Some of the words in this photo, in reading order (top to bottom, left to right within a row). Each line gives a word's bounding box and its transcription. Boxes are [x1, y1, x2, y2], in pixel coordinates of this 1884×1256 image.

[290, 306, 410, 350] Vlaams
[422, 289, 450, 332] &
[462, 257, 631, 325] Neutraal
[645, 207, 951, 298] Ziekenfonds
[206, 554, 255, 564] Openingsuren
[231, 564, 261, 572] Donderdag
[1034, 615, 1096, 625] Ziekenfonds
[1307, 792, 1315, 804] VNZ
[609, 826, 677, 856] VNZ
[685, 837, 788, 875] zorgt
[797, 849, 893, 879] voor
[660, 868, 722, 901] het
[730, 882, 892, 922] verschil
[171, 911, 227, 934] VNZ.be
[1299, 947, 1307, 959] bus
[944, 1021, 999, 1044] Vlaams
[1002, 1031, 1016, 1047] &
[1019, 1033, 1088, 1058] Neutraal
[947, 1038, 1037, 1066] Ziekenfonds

^^^^^^^^

◆ **Work to complete**
All of the entries above should be transcribed exactly, line for line.

◆ **Result for this task**
Some of the words in this photo, in reading order (top to bottom, left to right within a row). Each line gives a word's bounding box and its transcription. Boxes are [x1, y1, x2, y2], in pixel coordinates of this 1884×1256 image.

[290, 306, 410, 350] Vlaams
[422, 289, 450, 332] &
[462, 257, 631, 325] Neutraal
[645, 207, 951, 298] Ziekenfonds
[206, 554, 255, 564] Openingsuren
[231, 564, 261, 572] Donderdag
[1034, 615, 1096, 625] Ziekenfonds
[1307, 792, 1315, 804] VNZ
[609, 826, 677, 856] VNZ
[685, 837, 788, 875] zorgt
[797, 849, 893, 879] voor
[660, 868, 722, 901] het
[730, 882, 892, 922] verschil
[171, 911, 227, 934] VNZ.be
[1299, 947, 1307, 959] bus
[944, 1021, 999, 1044] Vlaams
[1002, 1031, 1016, 1047] &
[1019, 1033, 1088, 1058] Neutraal
[947, 1038, 1037, 1066] Ziekenfonds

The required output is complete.